Tharp died of cancer in Nyack, New York, on August 23, 2006, at the age of 86.

==Personal life==

In 1948, she married David Flanagan and moved with him to New York. They divorced in 1952.

== Awards and honors ==

Like many scientists, Marie Tharp was recognized mainly later in life. Her awards include:
- 1978 – National Geographic Society's Hubbard Medal
- 1996 – Society of Woman Geographers Outstanding Achievement Award
- 1999 – Woods Hole Oceanographic Institution's Mary Sears Woman Pioneer in Oceanography Award
- 2001 – Lamont–Doherty Earth Observatory Heritage Award

== Legacy ==
Tharp was recognized in 1997 by the Library of Congress as one of the four greatest cartographers of the 20th century. The position of Marie Tharp Lamont Research Professor was created in her honor.

=== Marie Tharp Fellowship ===
Created by Lamont in 2004, the Marie Tharp Fellowship is a competitive academic visiting fellowship awarded to women to work with researchers at the Earth Institute of Columbia University. Women who are accepted are given the opportunity to work with faculty, research staff, postdoctoral researchers and graduate students and in the duration of 3 months, they are awarded up to $30,000 as financial aid.

=== Posthumous recognition ===
Google Earth included the Marie Tharp Historical Map layer in 2009, allowing people to view Tharp's ocean map using the Google Earth interface. She is the subject of the 2013 biography by Hali Felt entitled Soundings: The Story of the Remarkable Woman Who Mapped the Ocean Floor, which was cited by the New York Times for its standing as an "eloquent testament both to Tharp's importance and to Felt's powers of imagination."

She was animated in "The Lost Worlds of Planet Earth", the ninth episode of Neil deGrasse Tyson's Cosmos: A Spacetime Odyssey, and voiced by actress Amanda Seyfried. The episode depicts her discovery of the Mid-Atlantic Ridge. Later in the episode, deGrasse Tyson recognized Tharp not only as an influential scientist who happens to be a woman but also as one who should be recognized as a scientist who overcame sexism to contribute to her field.

In 2015 the International Astronomical Union named the Tharp Moon crater in her honor.

Her life story is told in several children's books, including Marie's Ocean: Marie Tharp Maps the Mountains under the Sea (Macmillan 2020), written and illustrated by Josie James, which was honored as a National Science Teaching Association Best STEM Book of 2021 and a National Council for the Social Studies 2021 Notable Social Studies Trade Book for Young Readers.

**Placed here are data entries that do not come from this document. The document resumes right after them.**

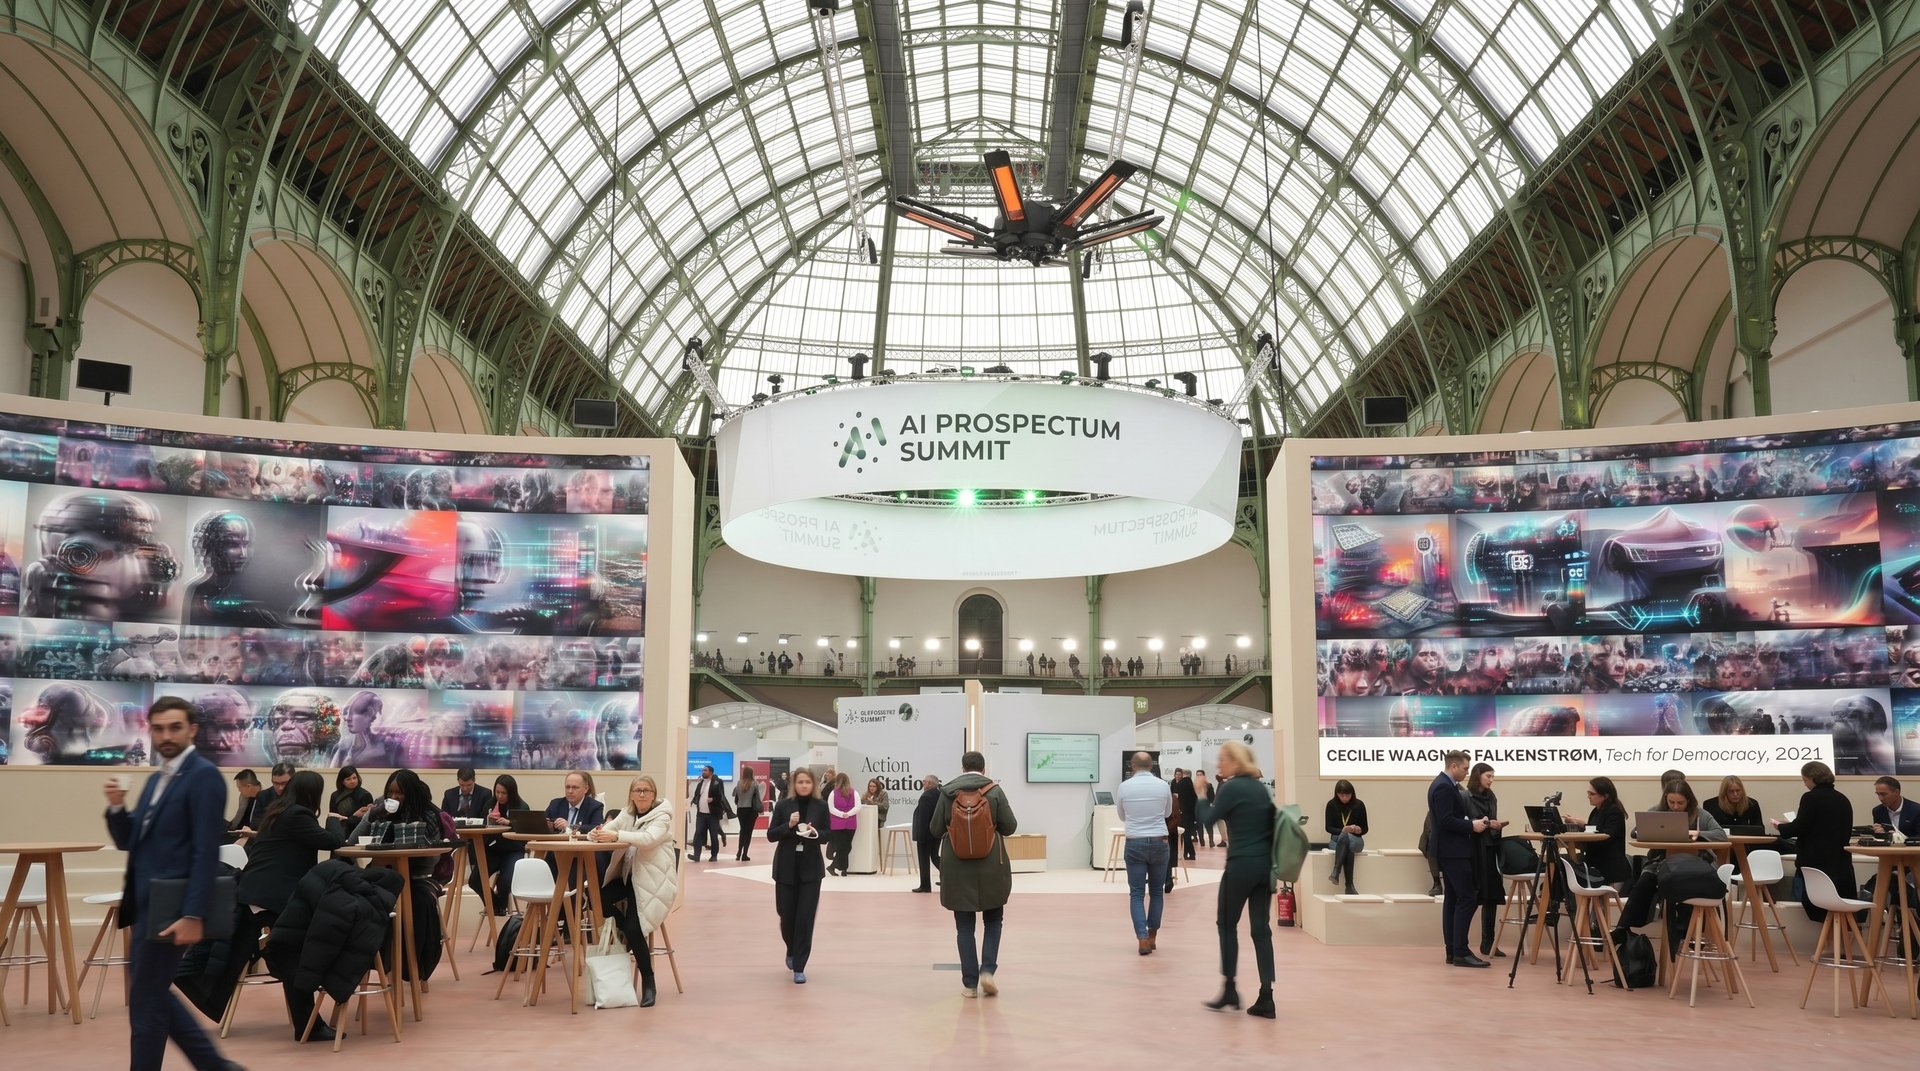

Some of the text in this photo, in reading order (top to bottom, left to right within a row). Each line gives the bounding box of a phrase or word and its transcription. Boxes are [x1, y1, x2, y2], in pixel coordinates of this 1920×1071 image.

[900, 413, 1121, 440] AI PROSPECTUM
[900, 440, 1010, 461] SUMMIT
[860, 715, 886, 723] SUMMIT
[1327, 749, 1385, 762] CECILIE
[1475, 748, 1602, 764] FALKENSTRØM,
[1606, 748, 1642, 762] Tech
[1646, 747, 1669, 762] for
[1672, 748, 1770, 764] Democracy,
[1775, 747, 1823, 761] 2021
[861, 756, 910, 773] Action
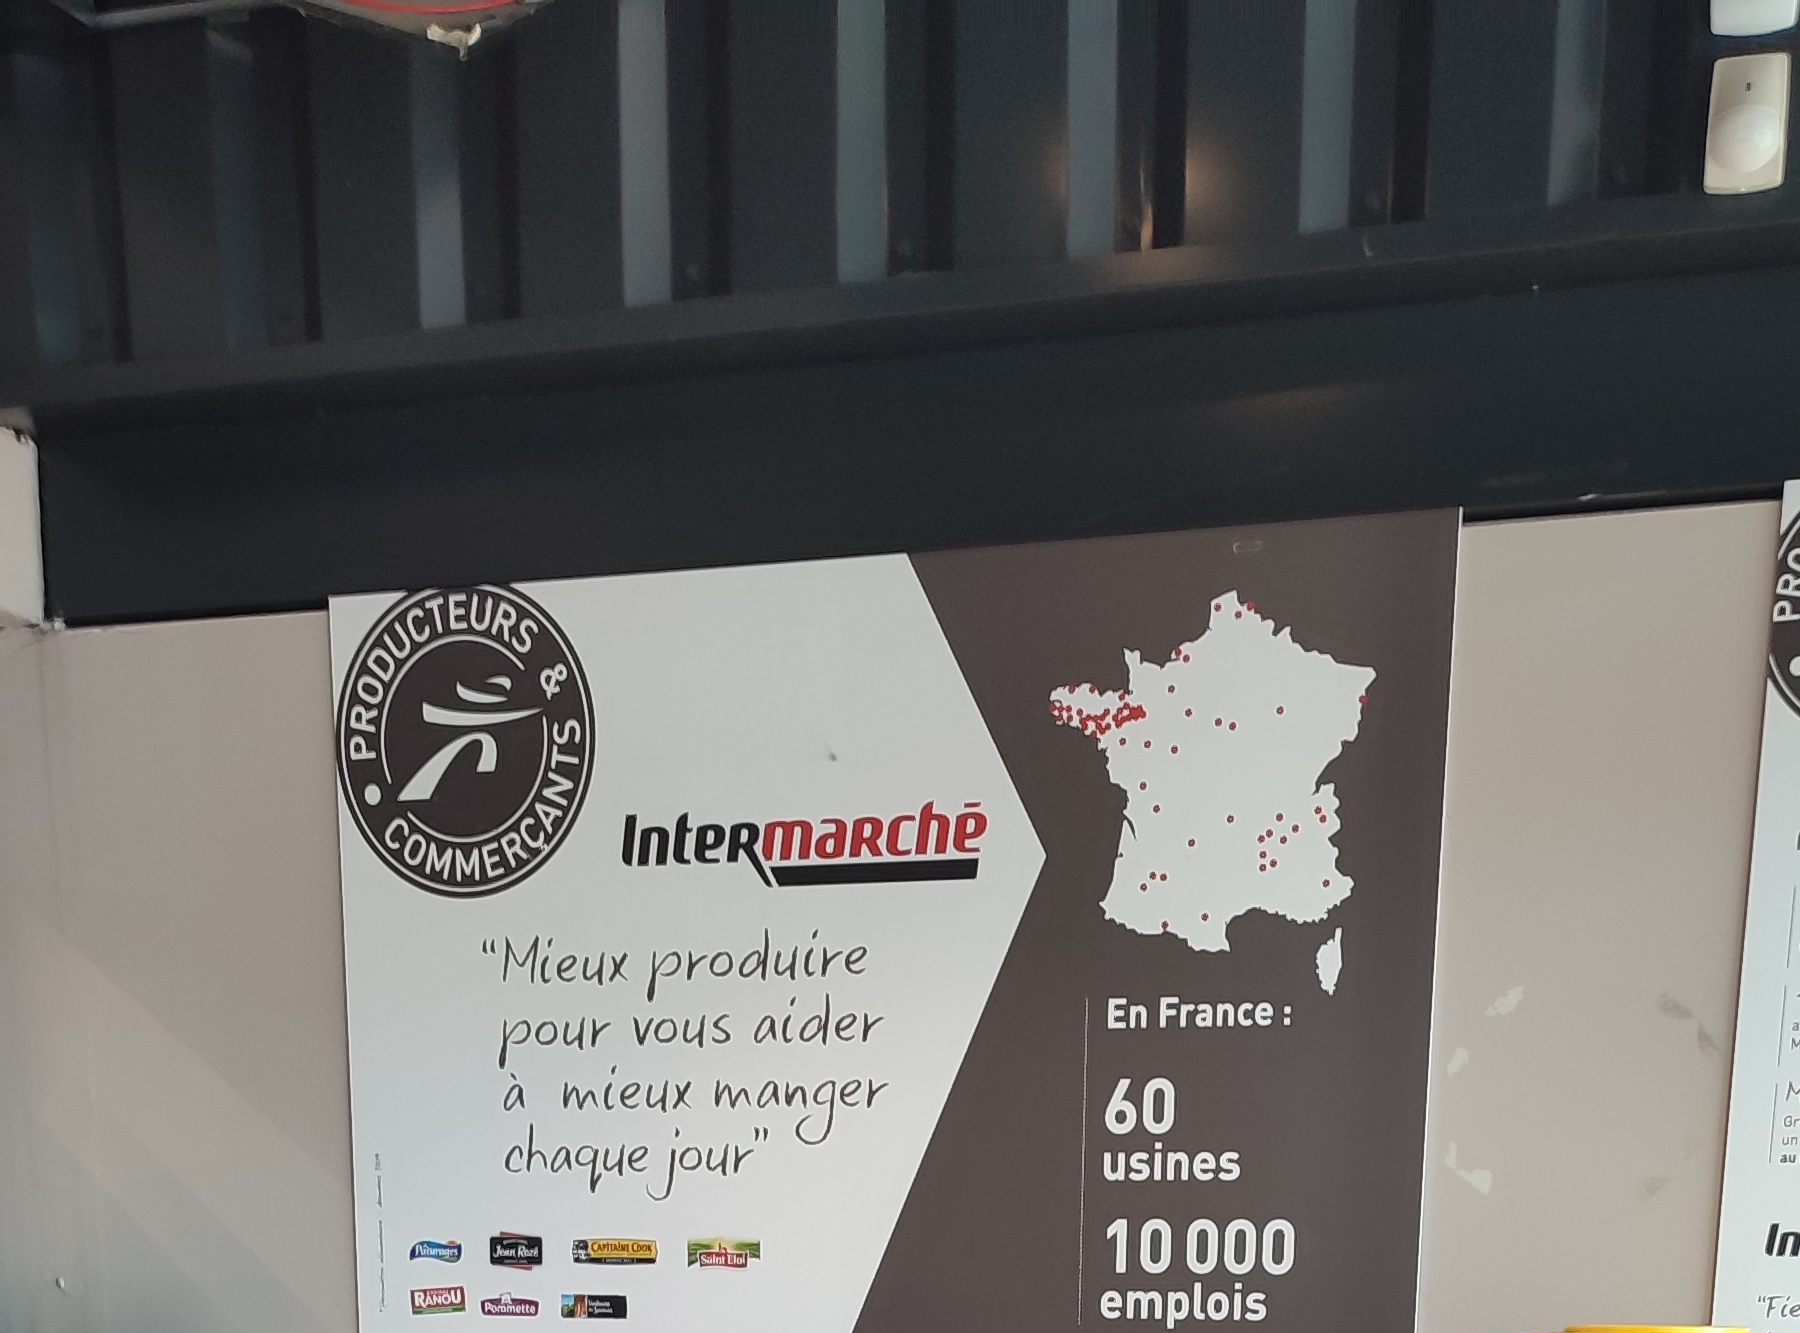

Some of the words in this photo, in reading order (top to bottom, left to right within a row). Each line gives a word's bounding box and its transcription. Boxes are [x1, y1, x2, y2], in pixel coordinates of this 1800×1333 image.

Poet Jessy Randall's 2022 collection Mathematics for Ladies includes a poem honoring Tharp.

In 2022 the non-profit Ocean Research Project named their 72ft research schooner after her.

On November 21, 2022, Google honored Tharp by releasing a Google Doodle, which included narration, mini-games, and animations, telling the story of Tharp's discovery of continental drift and providing historical context for her work.

On March 8, 2023 (International Women's Day), the U.S. Secretary of the Navy, Carlos Del Toro, announced the renaming of a ship in Tharp's honor, becoming USNS Marie Tharp (T-AGS-66).

== Selected publications ==
- Tharp, Marie (1959). "The floors of the oceans: I. The North Atlantic"
- Heezen, B C (1964). "Chain and Romanche fracture zones"
- Heezen, B C (1965). "Tectonic fabric of the atlantic and indian oceans and continental drift"
- Tharp, Marie (2002). "Mapping the world ocean floor".